- _Assignment_
What you return should match the material below line for line, except that no image appears in it.
----------
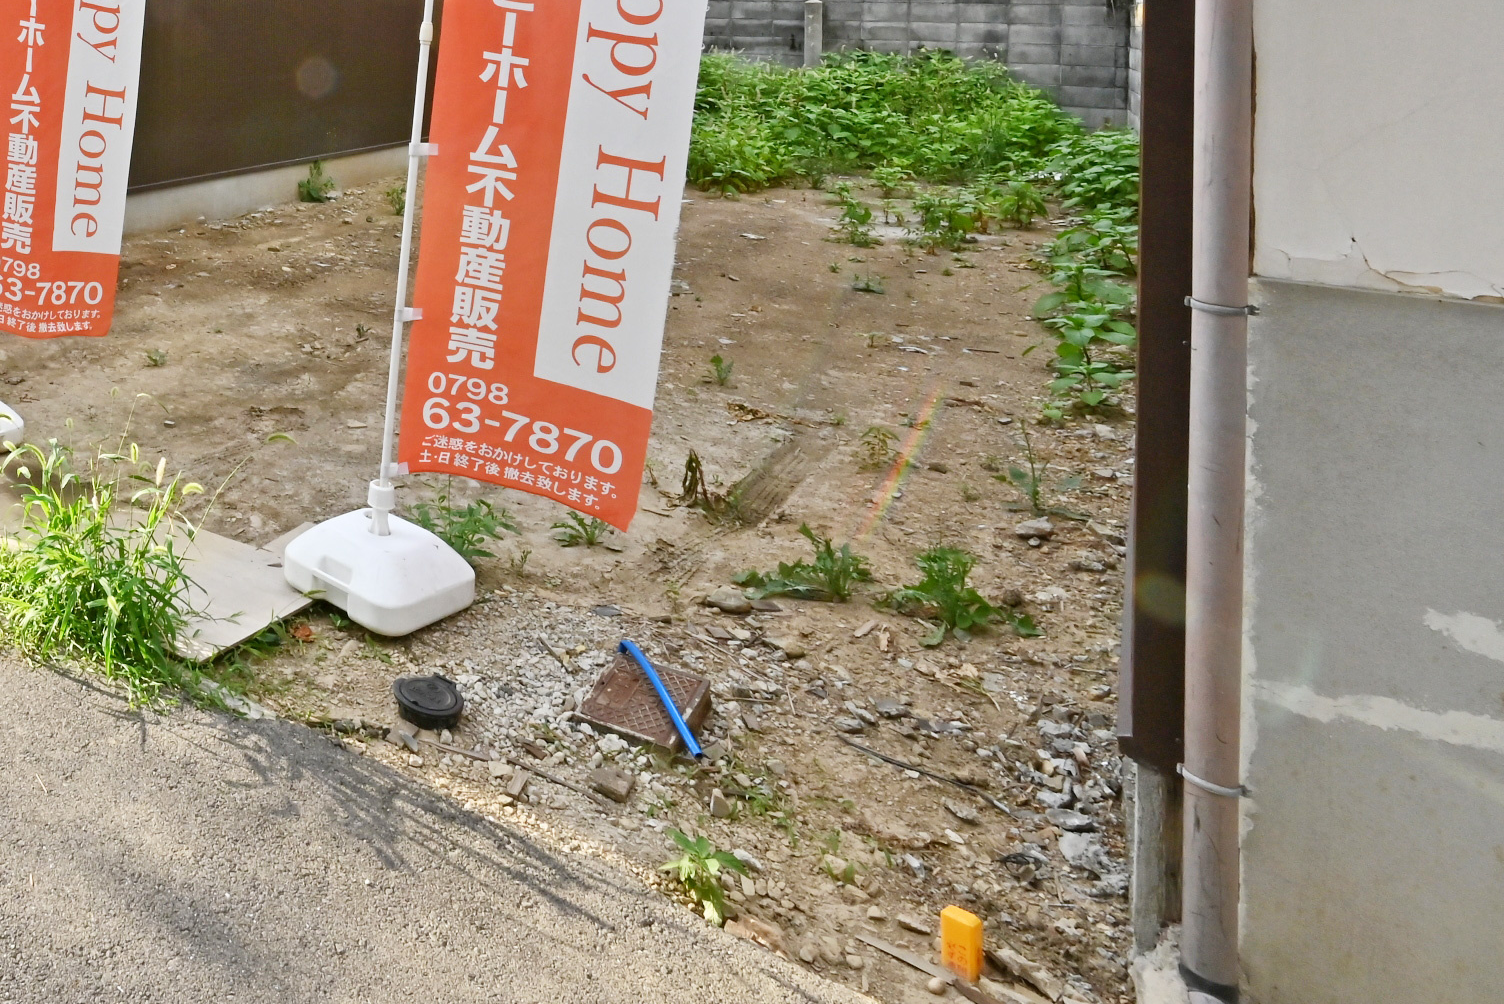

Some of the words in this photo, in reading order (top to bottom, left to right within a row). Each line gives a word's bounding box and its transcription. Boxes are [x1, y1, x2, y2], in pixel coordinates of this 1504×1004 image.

[70, 80, 127, 239] Home
[571, 142, 667, 375] Home
[427, 371, 509, 405] 0798
[422, 397, 623, 475] 63-7870
[422, 434, 617, 499] ご迷惑をおかけしております。
----------
- _Answer area_
Some of the words in this photo, in reading order (top to bottom, left to right within a row). Each line gives a word's bounding box and its transcription. Boxes are [x1, y1, x2, y2], in pixel coordinates of this 1504×1004 image.

[70, 80, 127, 239] Home
[571, 142, 667, 375] Home
[427, 371, 509, 405] 0798
[422, 397, 623, 475] 63-7870
[422, 434, 617, 499] ご迷惑をおかけしております。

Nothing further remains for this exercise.